Although the number and scope of these opened investigations and cases indicates a direction of travel, and could (even without coming to conclusion) influence changes on a voluntary basis on the part of digital platforms, the full impact will only become clear if and when final decisions and judgments are reached.

Moreover, it is noteworthy in that regard that:

  • Not all investigations that are opened may be pursued, and some may settle (with or without commitments).

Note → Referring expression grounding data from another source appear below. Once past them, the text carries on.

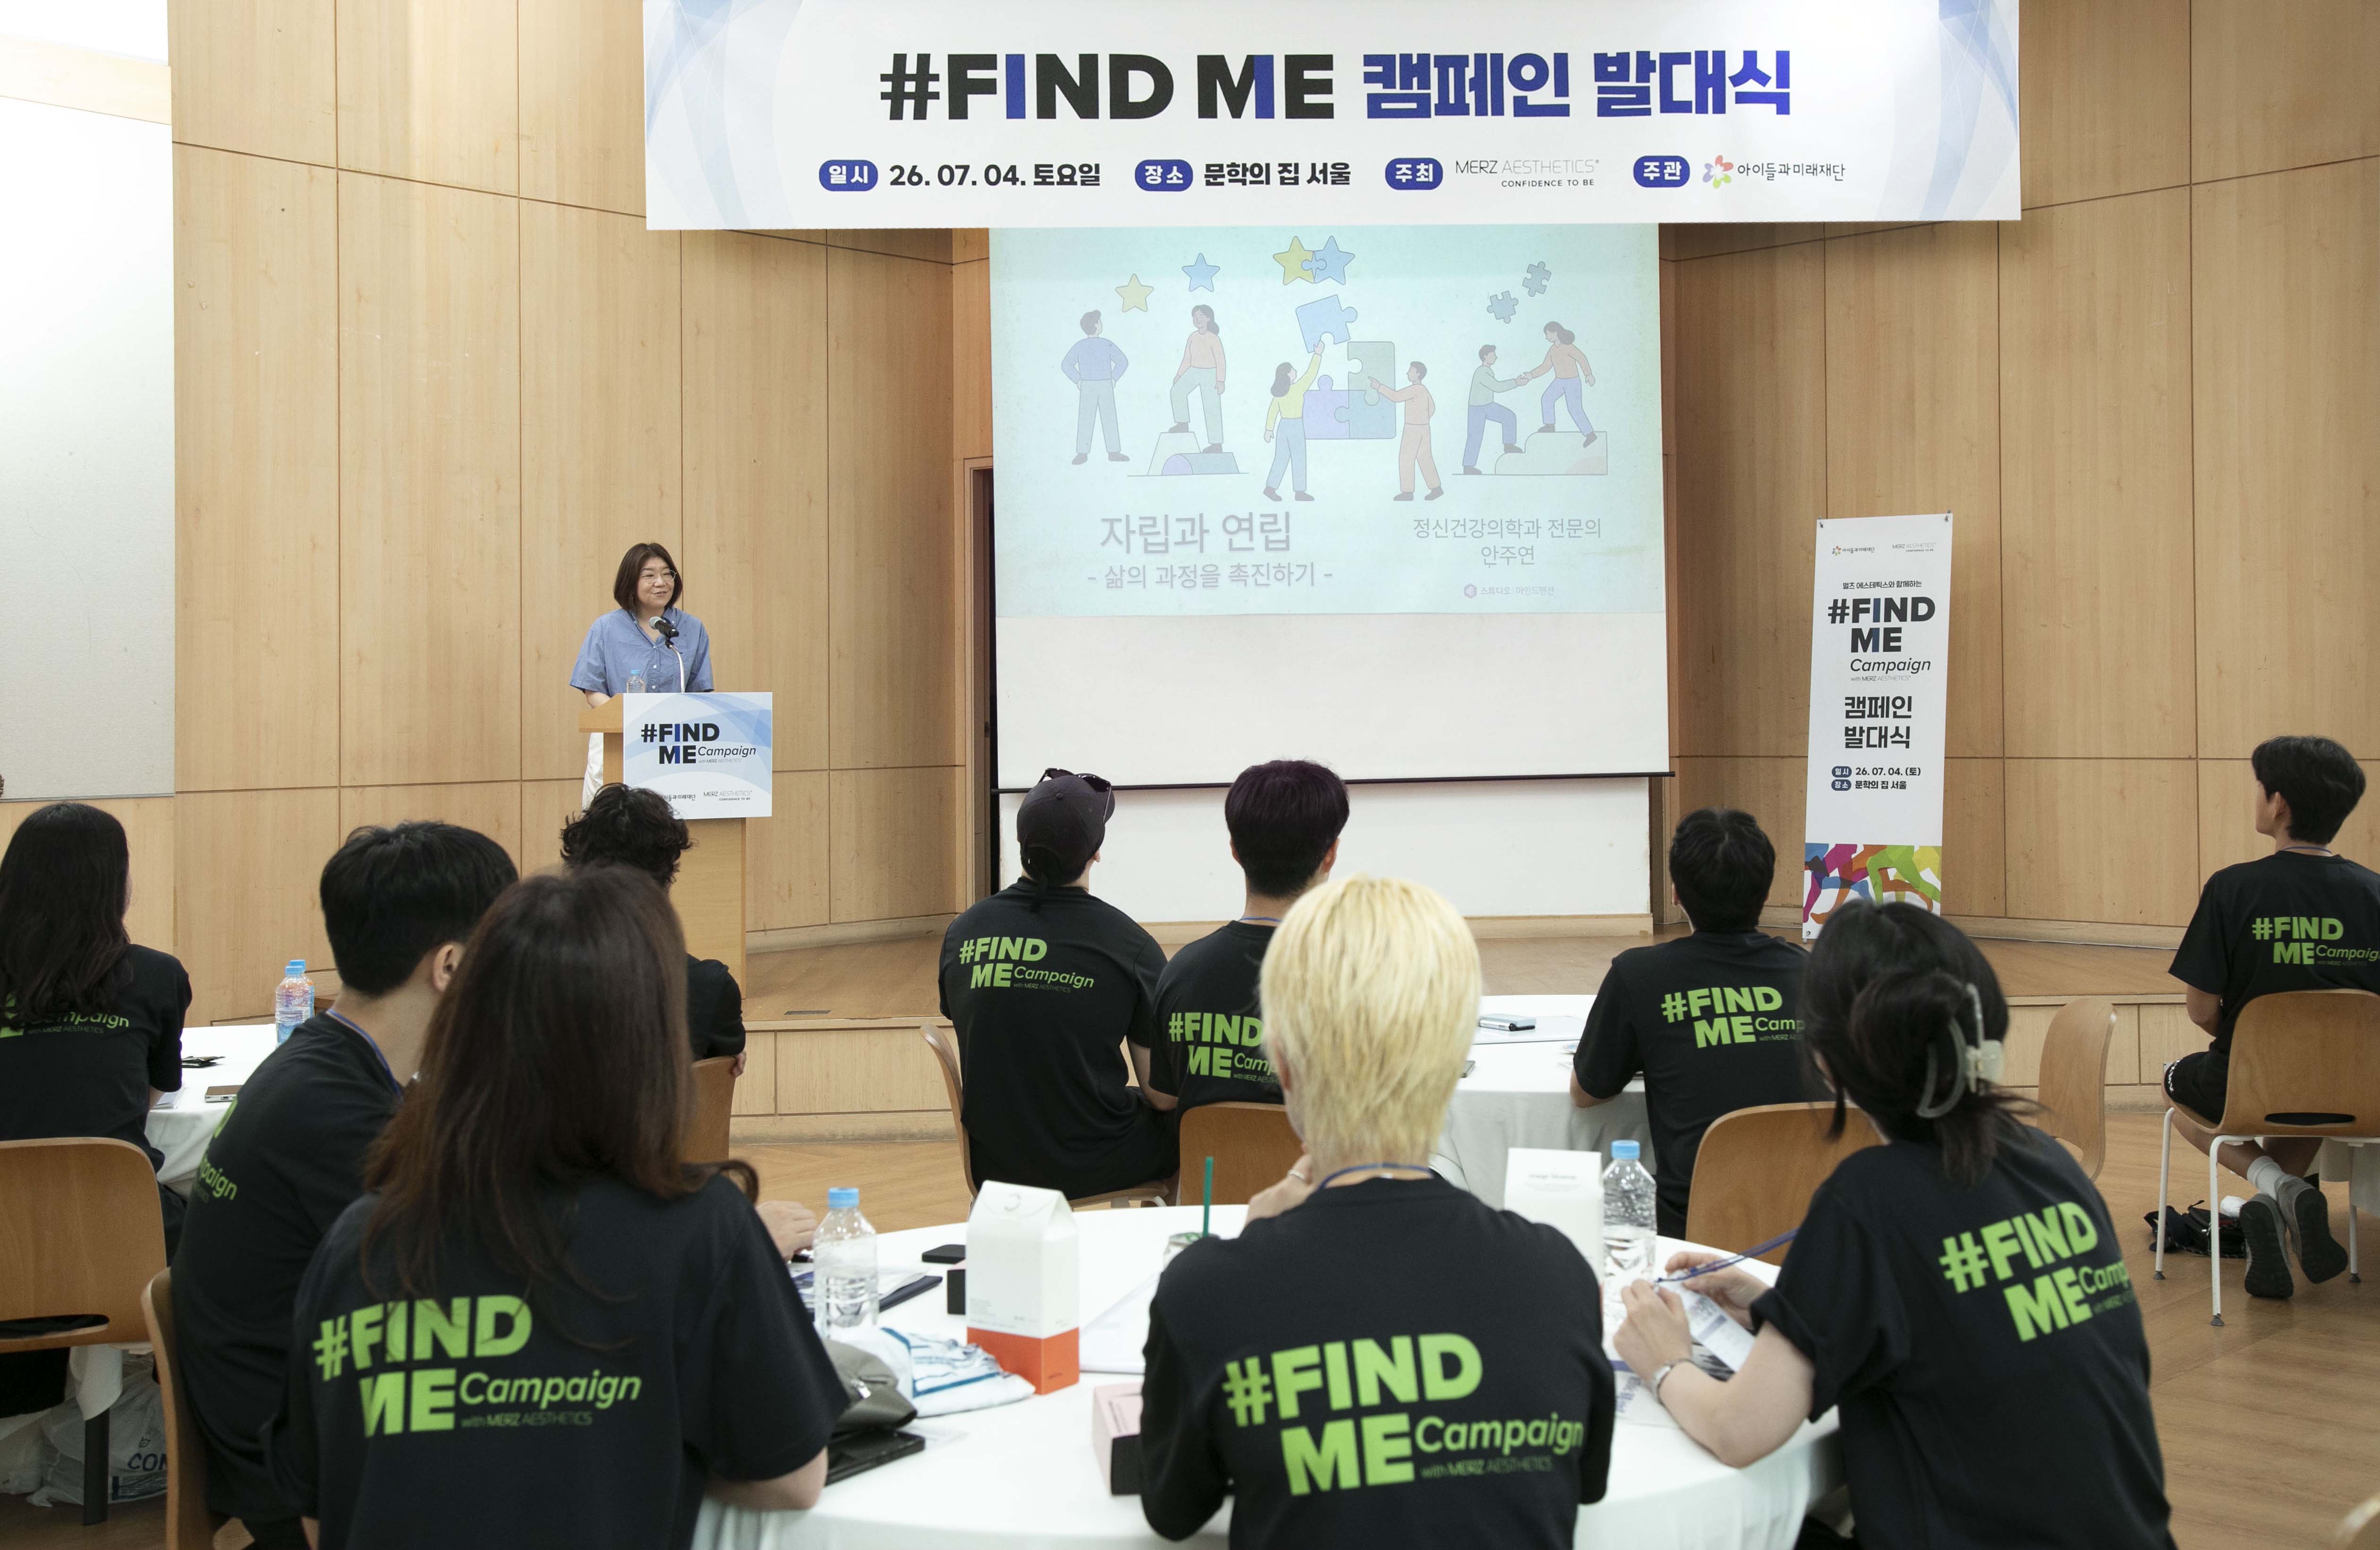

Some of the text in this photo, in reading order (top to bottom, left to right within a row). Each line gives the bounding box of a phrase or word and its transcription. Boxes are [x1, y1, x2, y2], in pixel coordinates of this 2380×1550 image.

[880, 51, 1790, 120] #FIND ME 캠페인 발대식
[829, 163, 1100, 186] 일시 26. 07. 04. 토요일
[1145, 162, 1351, 186] 장소 문학의 집 서울
[1396, 163, 1433, 182] 주최
[1456, 161, 1497, 173] MERZ
[1644, 162, 1681, 180] 주관
[1738, 163, 1845, 181] 아이들과미래재단
[1100, 511, 1290, 554] 자립과 연립
[1414, 518, 1600, 538] 정신건강의학과 전문의
[1481, 545, 1534, 566] 안주연
[1105, 565, 1146, 589] 삶의
[1156, 564, 1220, 589] 과정을
[1229, 562, 1314, 587] 촉진하기
[1856, 581, 1895, 589] 에스테틱스와
[1828, 597, 1935, 623] #FIND
[1851, 627, 1902, 653] ME
[1851, 658, 1930, 674] Campaign
[1845, 696, 1912, 718] 캠페인
[641, 723, 720, 742] #FIND
[1844, 726, 1910, 749] 발대식
[659, 745, 756, 764] ME Campaign
[1856, 767, 1870, 775] 26.
[1872, 767, 1886, 775] 07.
[1888, 767, 1903, 775] 04.
[1905, 767, 1921, 776] (토)
[1855, 780, 1878, 789] 문학의
[1881, 781, 1888, 789] 집
[1891, 781, 1906, 789] 서울
[2252, 917, 2344, 940] #FIND
[960, 937, 1047, 964] #FIND
[2273, 942, 2380, 964] ME Campaig
[970, 963, 1094, 989] ME Campaign
[1661, 987, 1783, 1023] #FIND
[1169, 1012, 1264, 1047] #FIND
[1694, 1016, 1756, 1048] ME
[1188, 1045, 1233, 1078] ME
[1939, 1201, 2098, 1293] #FIND
[2003, 1267, 2093, 1342] ME
[312, 1295, 533, 1382] #FIND
[1222, 1333, 1483, 1427] #FIND
[359, 1368, 642, 1438] ME Campaign
[1281, 1412, 1583, 1495] ME Campaign

However, even those cases will be instructive in illustrating the practical impact of individual regimes, particularly where digital platforms voluntarily introduce changes to reflect concerns and settle investigations in place of litigating to an end result.
  • A common theme across cases involving digital platforms is that they tend to be far from straightforward: the operational, factual and legal issues are often extremely complex and novel (as the perceived need by many regimes for new enforcement powers against digital platforms testifies). As a result, it will take some time, maybe years, before the outcomes of the current wave of investigations and cases is known. Indeed, given the pace of innovation and development in digital markets, the outcomes of some of the current investigations and cases could have limited practical impact by the time they come to a close.

 

III. THE CHALLENGES OF MULTIPLE NATIONAL REGIMES IN GLOBAL MARKETS

It would be foolhardy to predict the exact scope and focus of future enforcement. However, what is clear is that there is unlikely to be a single global approach adopted by either those regimes that are currently proposing changes to their laws or by those that do so in the future. Such an absence of a global approach will create challenges for all concerned: the digital platforms, those that interact with them, and enforcing agencies.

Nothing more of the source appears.